**Collected data entries**
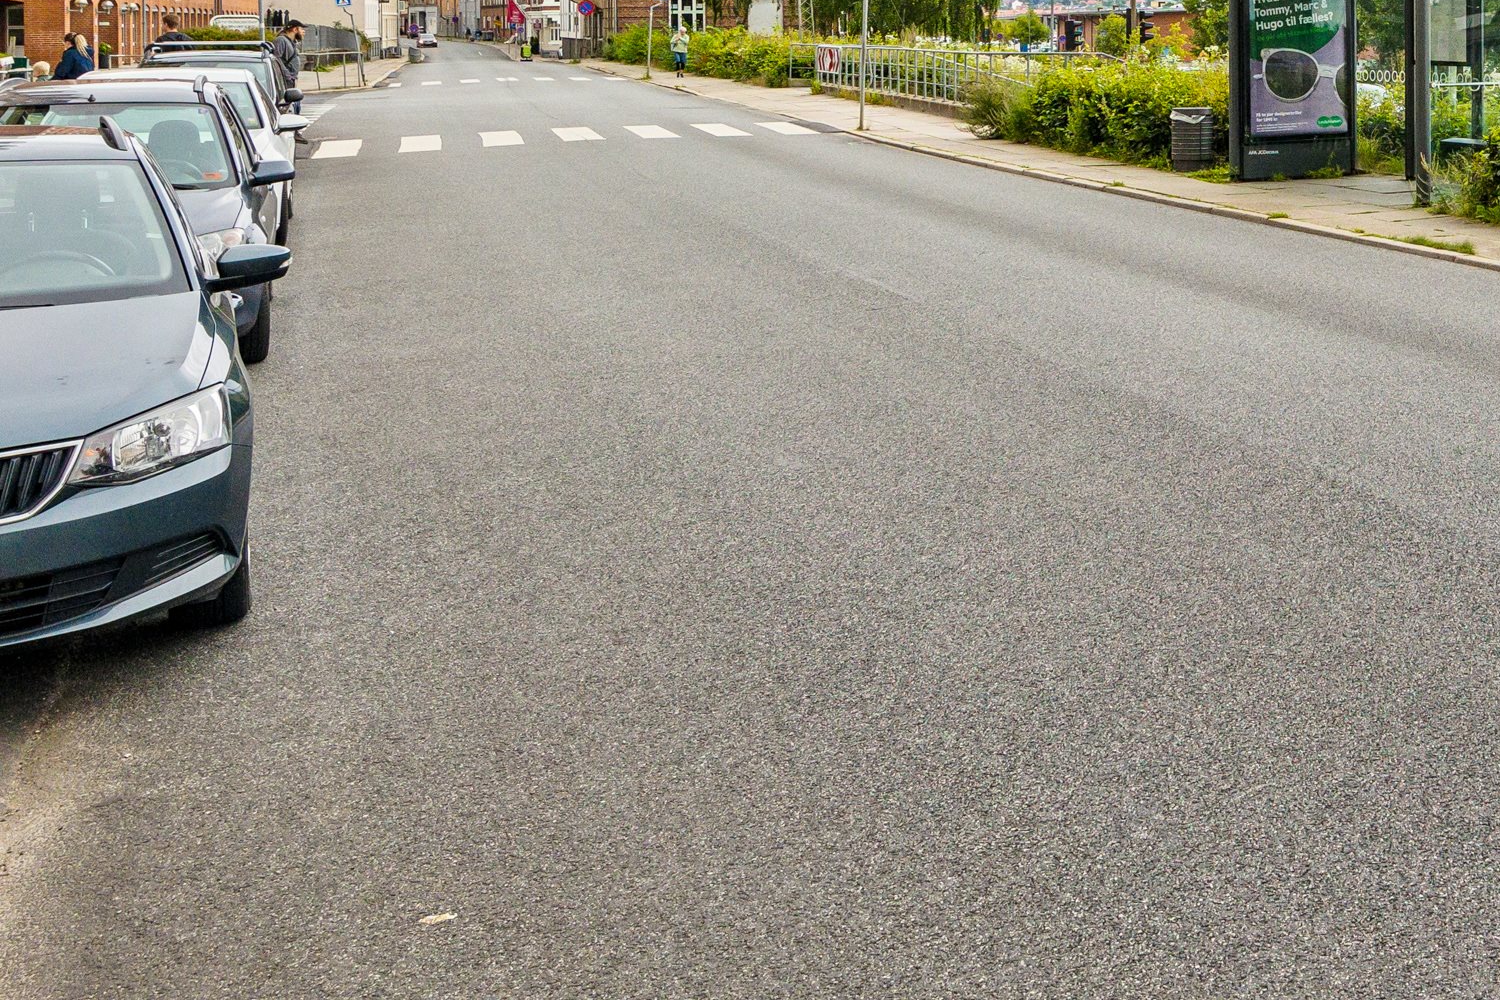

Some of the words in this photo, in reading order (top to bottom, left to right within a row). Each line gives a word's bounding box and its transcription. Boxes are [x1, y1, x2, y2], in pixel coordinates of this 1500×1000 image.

[1254, 5, 1292, 17] Tommy,
[1294, 1, 1319, 12] Marc
[1321, 0, 1328, 8] &
[1256, 19, 1283, 31] Hugo
[1286, 16, 1297, 26] til
[1299, 11, 1334, 25] fælles?

**Work to be completed**
Copy out every line above, word for word, minus images.

**Answer space**
Some of the words in this photo, in reading order (top to bottom, left to right within a row). Each line gives a word's bounding box and its transcription. Boxes are [x1, y1, x2, y2], in pixel coordinates of this 1500×1000 image.

[1254, 5, 1292, 17] Tommy,
[1294, 1, 1319, 12] Marc
[1321, 0, 1328, 8] &
[1256, 19, 1283, 31] Hugo
[1286, 16, 1297, 26] til
[1299, 11, 1334, 25] fælles?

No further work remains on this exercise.